Task to complete:
Please output the records below word for word and omit the pictures.

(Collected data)
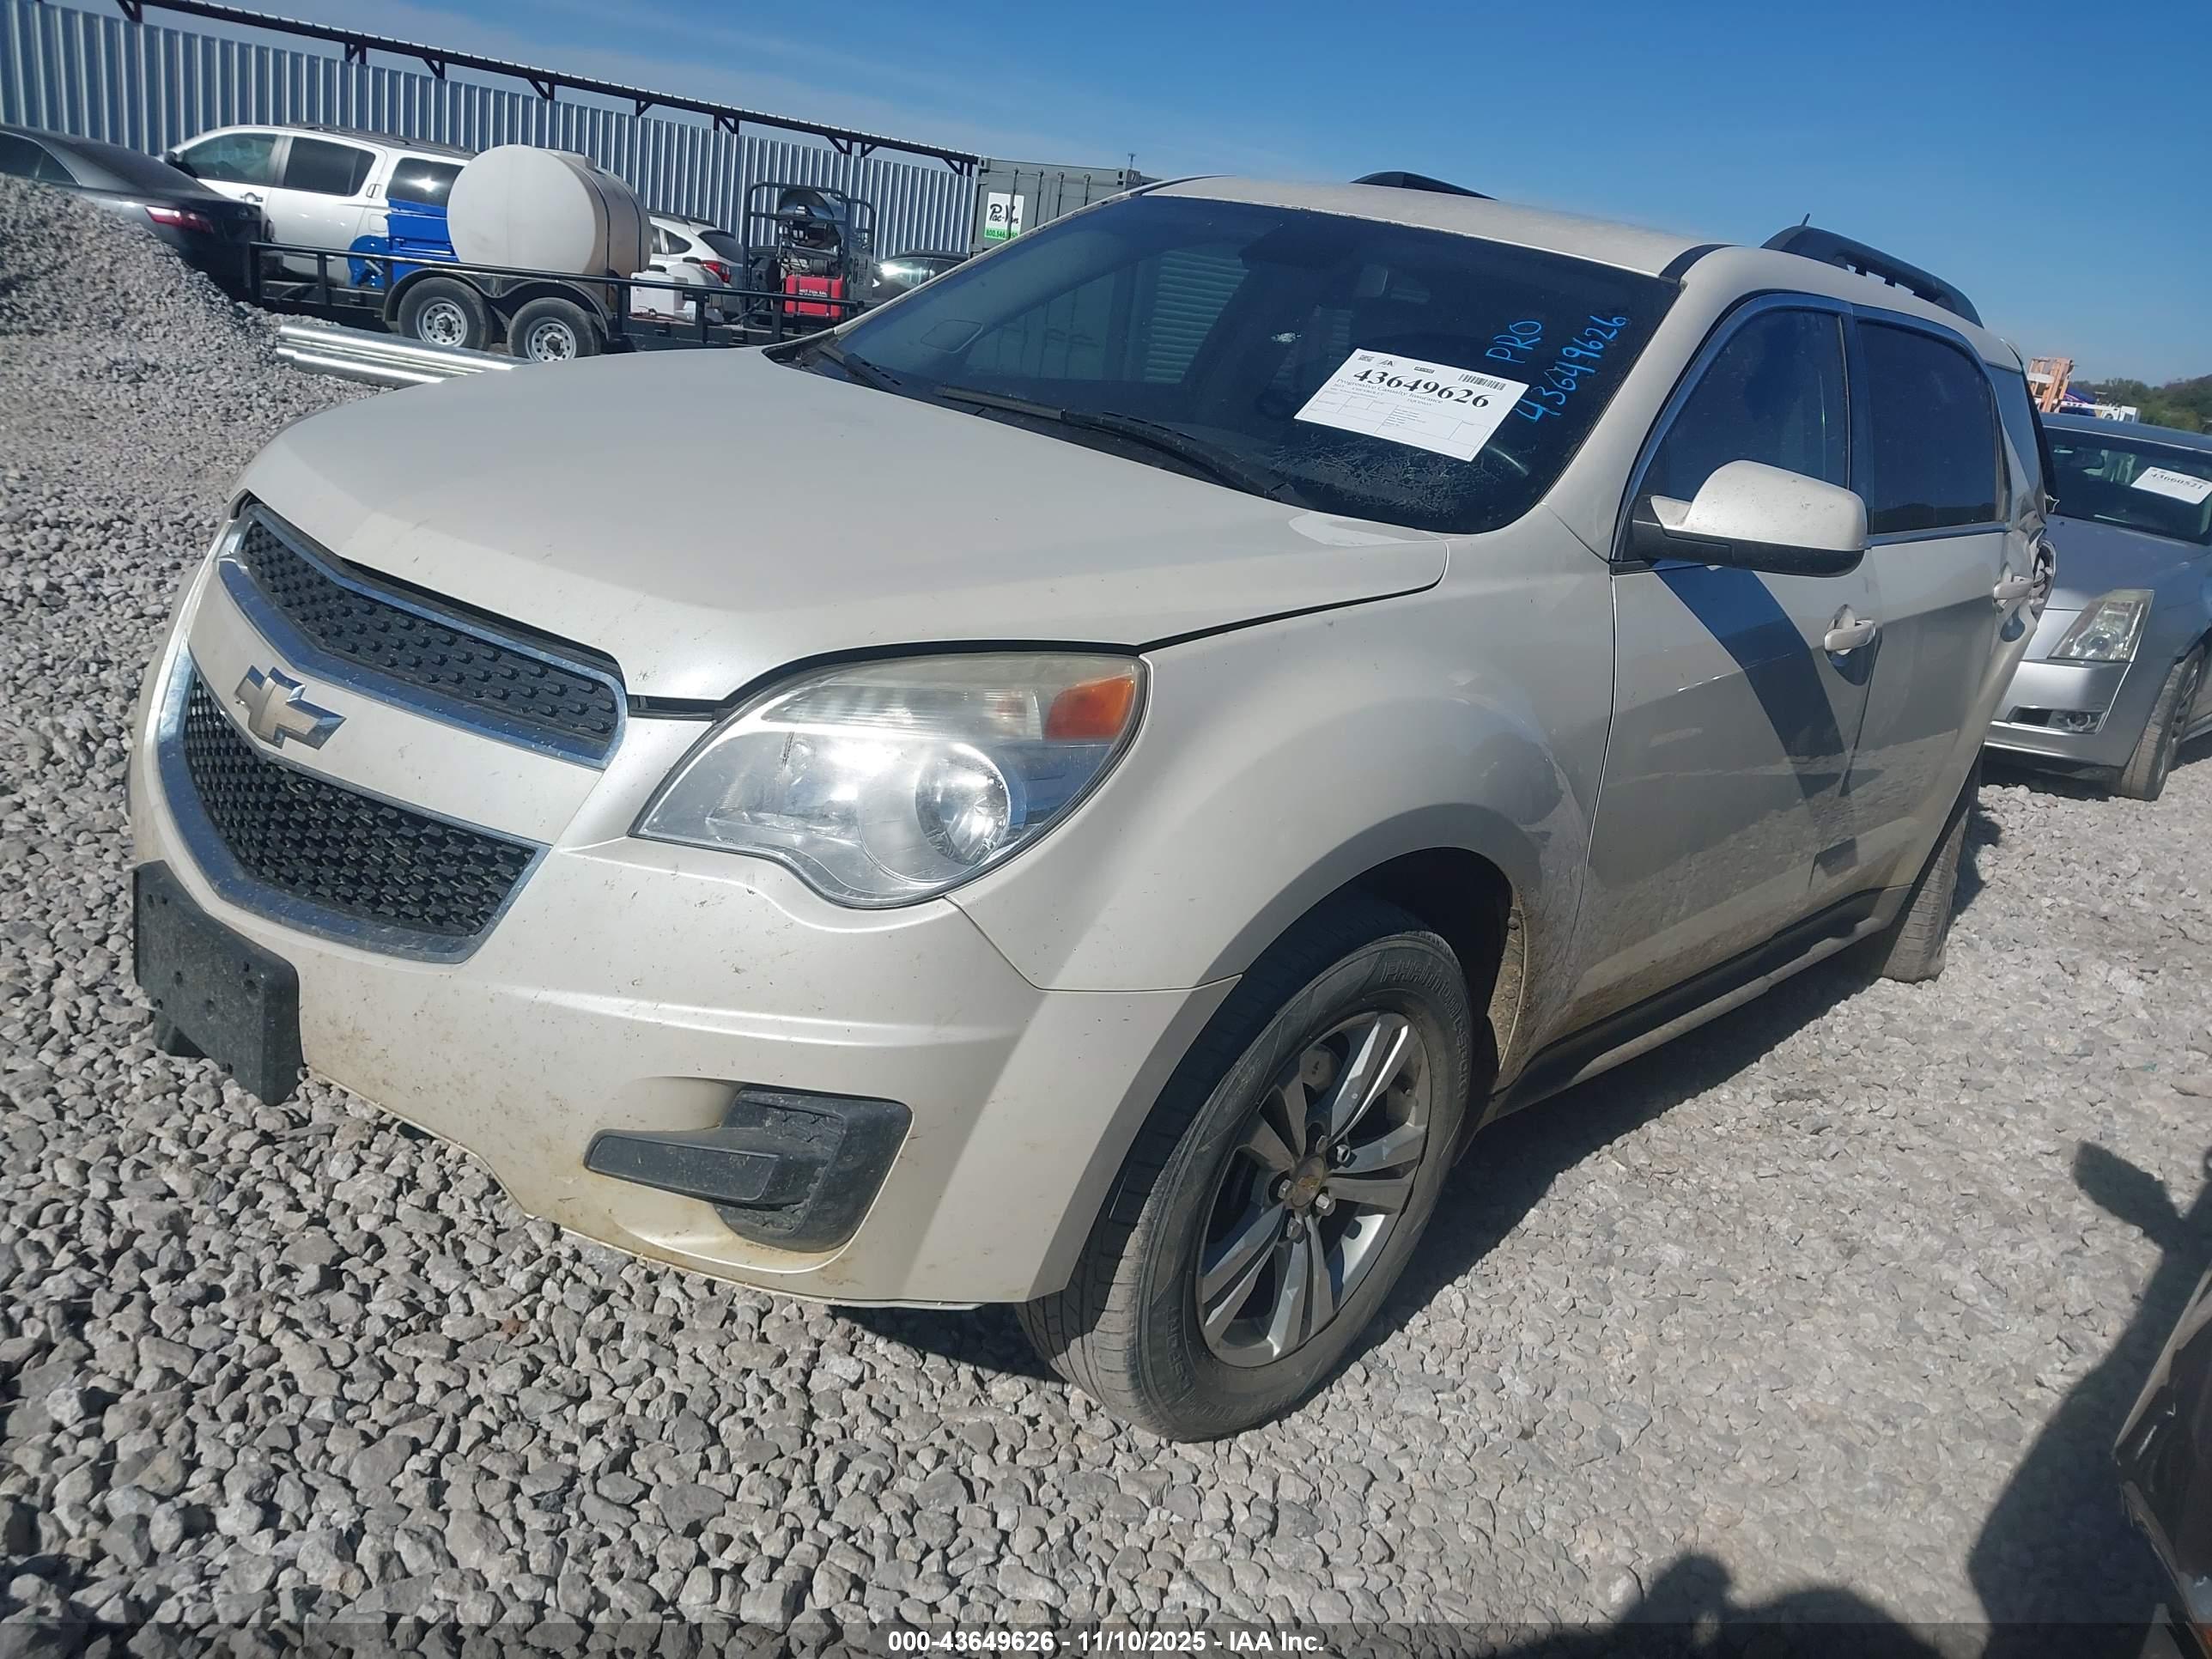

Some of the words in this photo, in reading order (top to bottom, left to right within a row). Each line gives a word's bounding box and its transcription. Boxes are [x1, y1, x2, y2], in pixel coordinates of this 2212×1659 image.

[1485, 320, 1542, 364] PRO
[1353, 368, 1495, 409] 43649626
[1512, 315, 1627, 422] 43649626
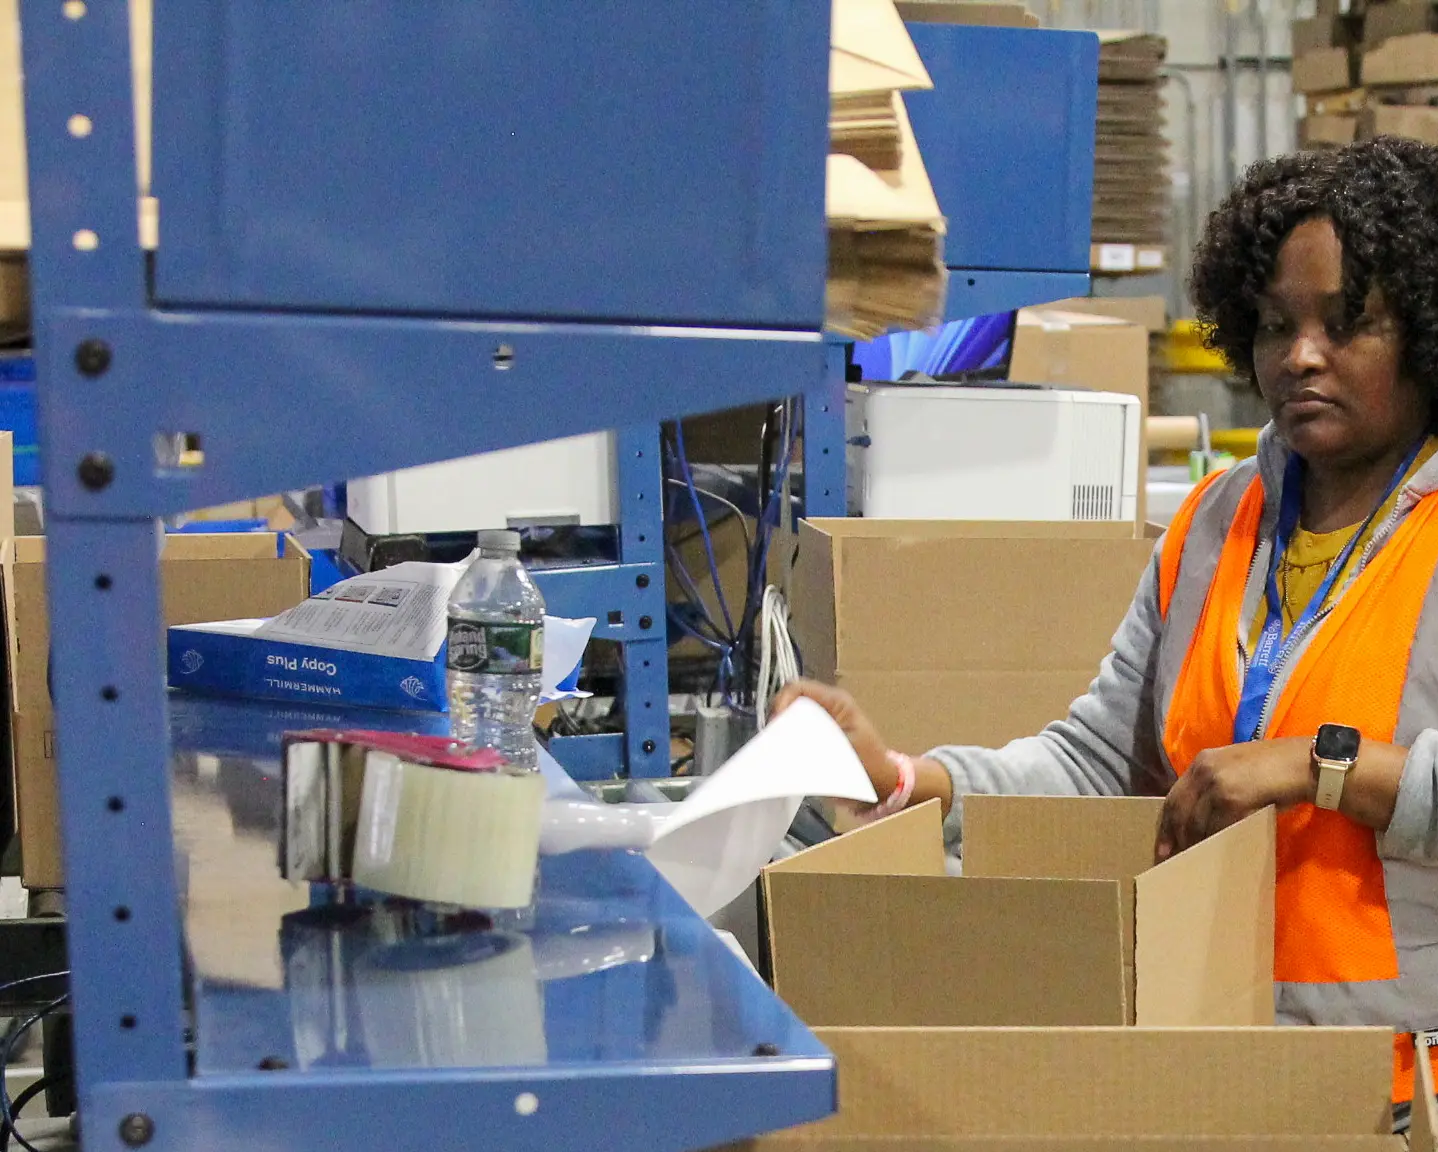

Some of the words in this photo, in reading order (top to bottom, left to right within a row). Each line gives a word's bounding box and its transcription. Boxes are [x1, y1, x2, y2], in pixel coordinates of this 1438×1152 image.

[1259, 632, 1278, 667] Barrett
[266, 654, 298, 671] Plus
[301, 657, 337, 676] Copy
[266, 678, 342, 696] HAMMERMILL
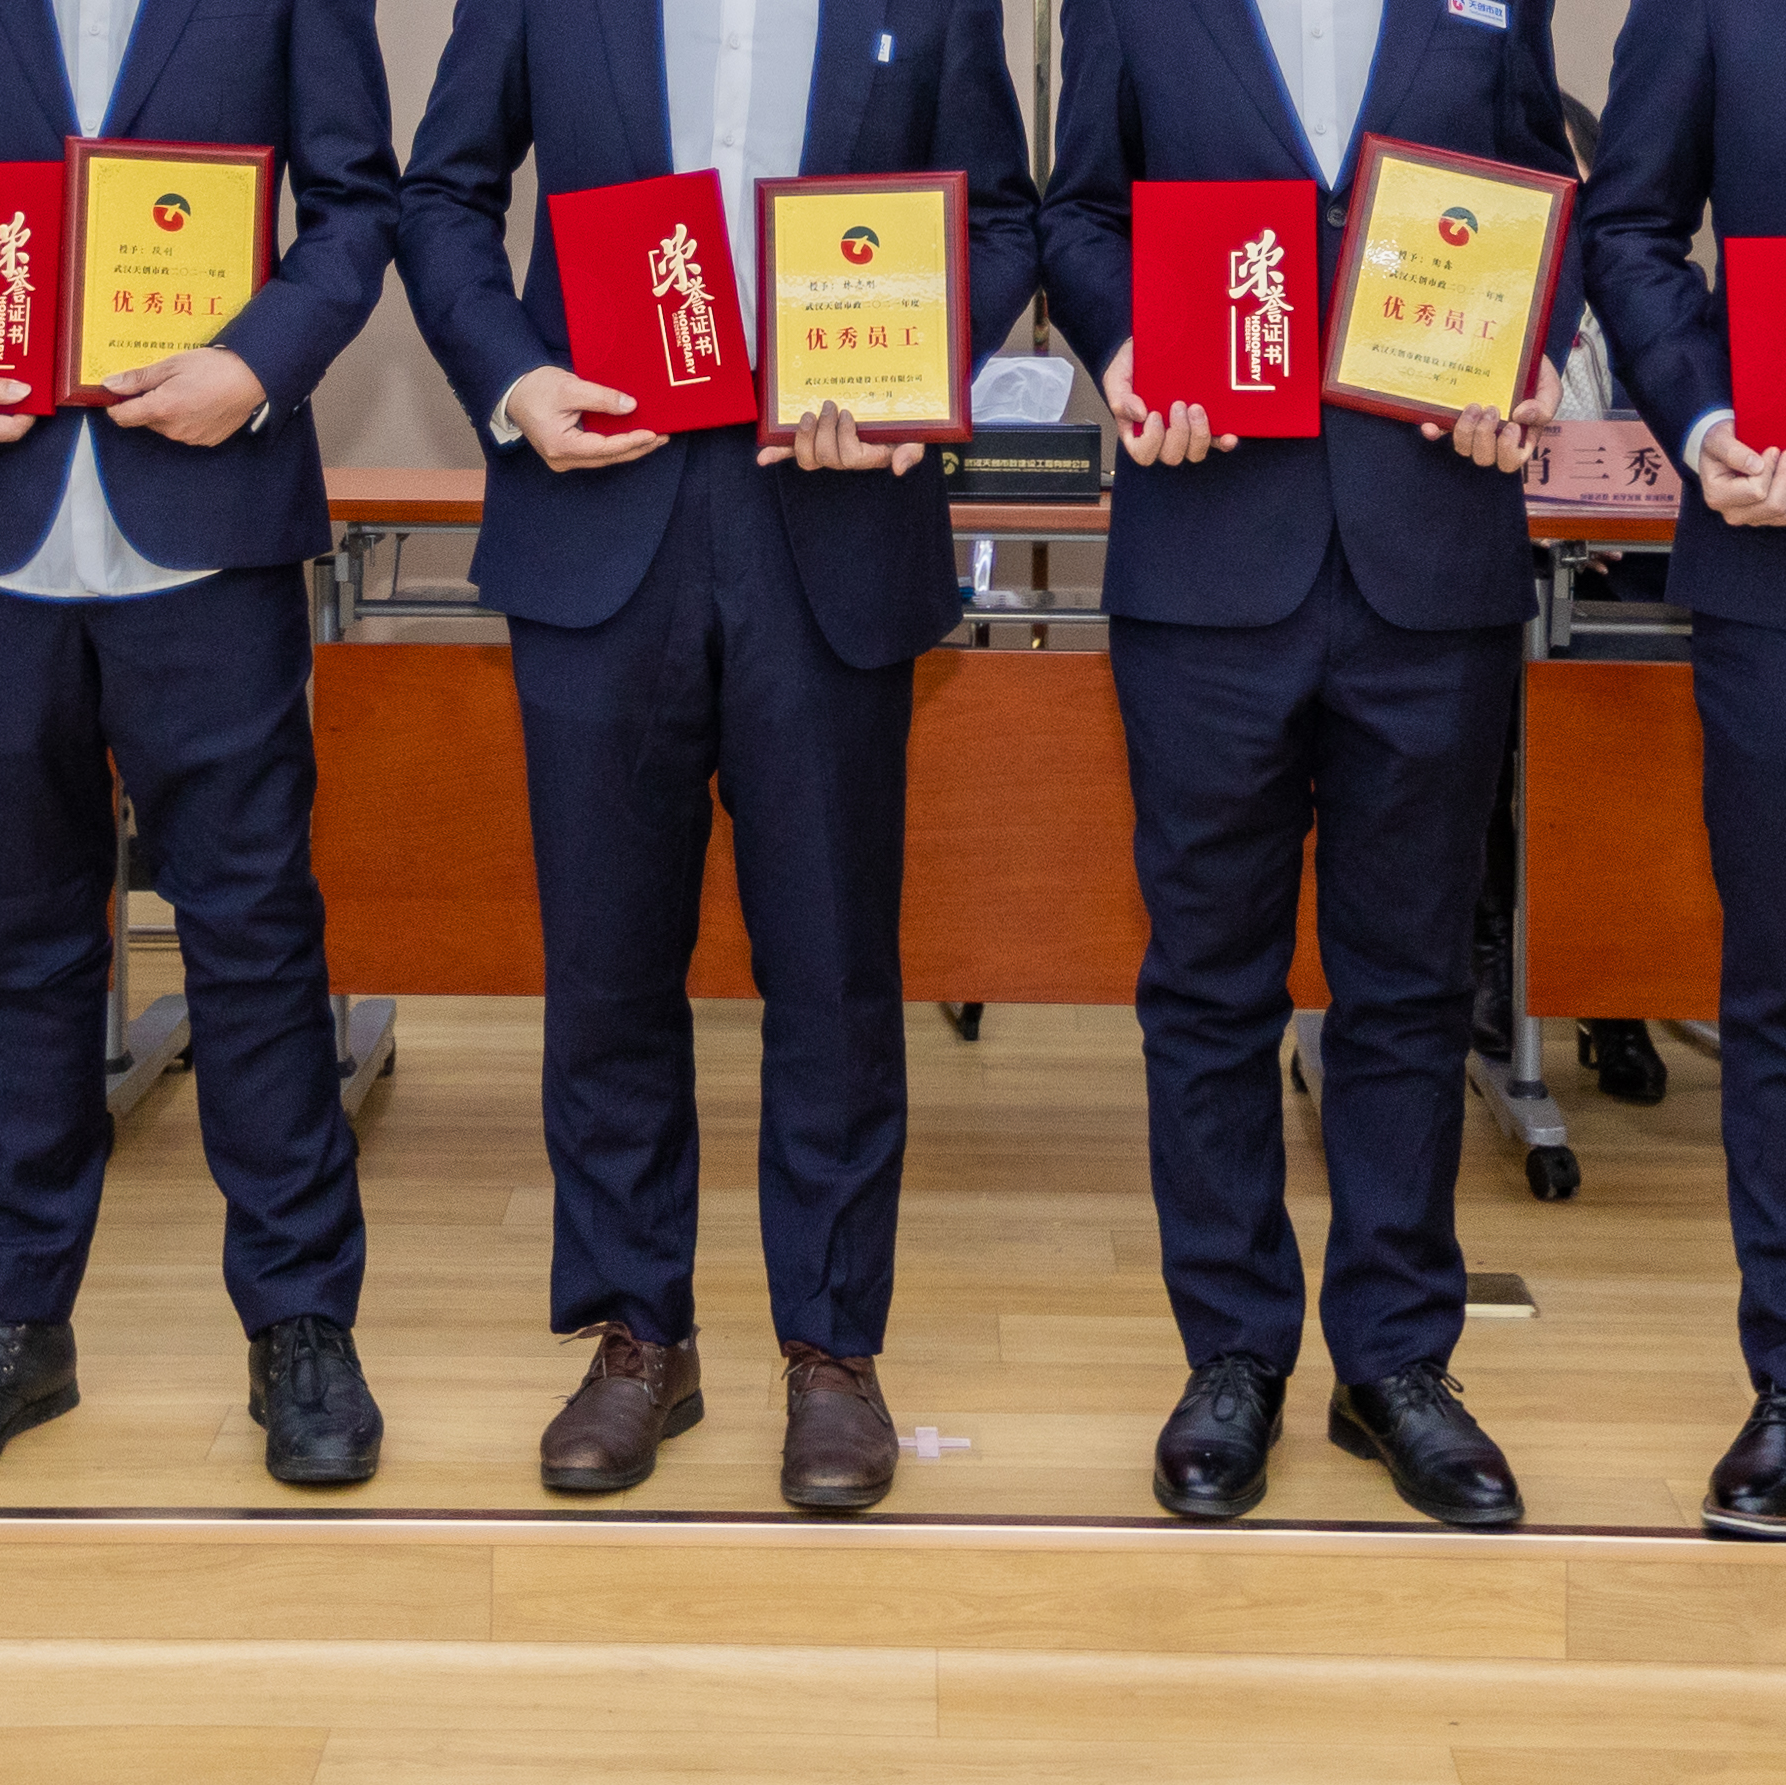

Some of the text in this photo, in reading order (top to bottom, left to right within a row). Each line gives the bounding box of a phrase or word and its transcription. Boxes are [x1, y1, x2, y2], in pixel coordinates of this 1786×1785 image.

[112, 290, 224, 316] 优秀员工
[652, 223, 716, 357] 荣誉证书
[1228, 229, 1294, 366] 荣誉证书
[1383, 295, 1498, 341] 优秀员工
[677, 310, 697, 375] HONORARY
[806, 325, 919, 351] 优秀员工
[1251, 315, 1261, 382] HONORARY

Answer section:
Some of the words in this photo, in reading order (top to bottom, left to right within a row). Each line gives a word's bounding box and its transcription. Boxes are [x1, y1, x2, y2], in pixel coordinates of this 2212×1659 image.

[1485, 320, 1542, 364] PRO
[1353, 368, 1495, 409] 43649626
[1512, 315, 1627, 422] 43649626

Some of the words in this photo, in reading order (top to bottom, left to right within a row). Each line gives a word's bounding box and its transcription. Boxes are [x1, y1, x2, y2], in pixel coordinates of this 1438×1152 image.

[1259, 632, 1278, 667] Barrett
[266, 654, 298, 671] Plus
[301, 657, 337, 676] Copy
[266, 678, 342, 696] HAMMERMILL

Some of the text in this photo, in reading order (top to bottom, left to right within a row). Each line gives the bounding box of a phrase or word and its transcription. Boxes are [x1, y1, x2, y2], in pixel coordinates of this 1786×1785 image.

[112, 290, 224, 316] 优秀员工
[652, 223, 716, 357] 荣誉证书
[1228, 229, 1294, 366] 荣誉证书
[1383, 295, 1498, 341] 优秀员工
[677, 310, 697, 375] HONORARY
[806, 325, 919, 351] 优秀员工
[1251, 315, 1261, 382] HONORARY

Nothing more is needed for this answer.